• [EXERCISE INSTRUCTIONS]: Each line from the one containing "this 1306×1469 image." to the end of the entries is to be repeated exactly, and no other line.

(Items from a data source)
BEGIN
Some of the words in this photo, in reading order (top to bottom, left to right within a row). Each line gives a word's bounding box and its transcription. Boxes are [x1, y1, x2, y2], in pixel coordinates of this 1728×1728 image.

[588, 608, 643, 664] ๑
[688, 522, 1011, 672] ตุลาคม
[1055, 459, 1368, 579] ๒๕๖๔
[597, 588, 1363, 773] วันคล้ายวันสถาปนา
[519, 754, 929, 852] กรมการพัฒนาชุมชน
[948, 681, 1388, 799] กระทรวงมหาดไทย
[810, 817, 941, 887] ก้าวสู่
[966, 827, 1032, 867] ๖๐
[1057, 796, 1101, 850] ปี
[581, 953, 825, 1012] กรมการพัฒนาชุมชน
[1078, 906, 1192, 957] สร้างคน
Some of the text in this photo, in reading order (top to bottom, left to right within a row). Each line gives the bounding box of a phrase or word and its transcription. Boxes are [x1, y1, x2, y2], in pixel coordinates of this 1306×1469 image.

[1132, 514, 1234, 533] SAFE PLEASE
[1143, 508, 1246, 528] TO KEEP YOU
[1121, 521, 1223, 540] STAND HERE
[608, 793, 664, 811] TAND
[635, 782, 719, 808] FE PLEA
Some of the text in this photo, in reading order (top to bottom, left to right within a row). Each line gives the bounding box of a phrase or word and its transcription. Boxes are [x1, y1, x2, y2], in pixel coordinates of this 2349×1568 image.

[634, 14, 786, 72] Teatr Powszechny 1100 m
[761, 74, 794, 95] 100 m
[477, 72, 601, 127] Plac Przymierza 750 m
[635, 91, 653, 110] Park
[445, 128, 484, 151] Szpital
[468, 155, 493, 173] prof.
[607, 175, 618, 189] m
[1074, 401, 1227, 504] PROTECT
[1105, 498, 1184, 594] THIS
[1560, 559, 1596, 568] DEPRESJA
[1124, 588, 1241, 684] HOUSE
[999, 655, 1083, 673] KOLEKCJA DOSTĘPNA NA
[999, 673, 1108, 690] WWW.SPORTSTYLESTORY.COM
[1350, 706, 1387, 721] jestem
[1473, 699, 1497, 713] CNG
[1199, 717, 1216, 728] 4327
END
• [ANSWER]:
Some of the text in this photo, in reading order (top to bottom, left to right within a row). Each line gives the bounding box of a phrase or word and its transcription. Boxes are [x1, y1, x2, y2], in pixel coordinates of this 1306×1469 image.

[1132, 514, 1234, 533] SAFE PLEASE
[1143, 508, 1246, 528] TO KEEP YOU
[1121, 521, 1223, 540] STAND HERE
[608, 793, 664, 811] TAND
[635, 782, 719, 808] FE PLEA
Some of the text in this photo, in reading order (top to bottom, left to right within a row). Each line gives the bounding box of a phrase or word and its transcription. Boxes are [x1, y1, x2, y2], in pixel coordinates of this 2349×1568 image.

[634, 14, 786, 72] Teatr Powszechny 1100 m
[761, 74, 794, 95] 100 m
[477, 72, 601, 127] Plac Przymierza 750 m
[635, 91, 653, 110] Park
[445, 128, 484, 151] Szpital
[468, 155, 493, 173] prof.
[607, 175, 618, 189] m
[1074, 401, 1227, 504] PROTECT
[1105, 498, 1184, 594] THIS
[1560, 559, 1596, 568] DEPRESJA
[1124, 588, 1241, 684] HOUSE
[999, 655, 1083, 673] KOLEKCJA DOSTĘPNA NA
[999, 673, 1108, 690] WWW.SPORTSTYLESTORY.COM
[1350, 706, 1387, 721] jestem
[1473, 699, 1497, 713] CNG
[1199, 717, 1216, 728] 4327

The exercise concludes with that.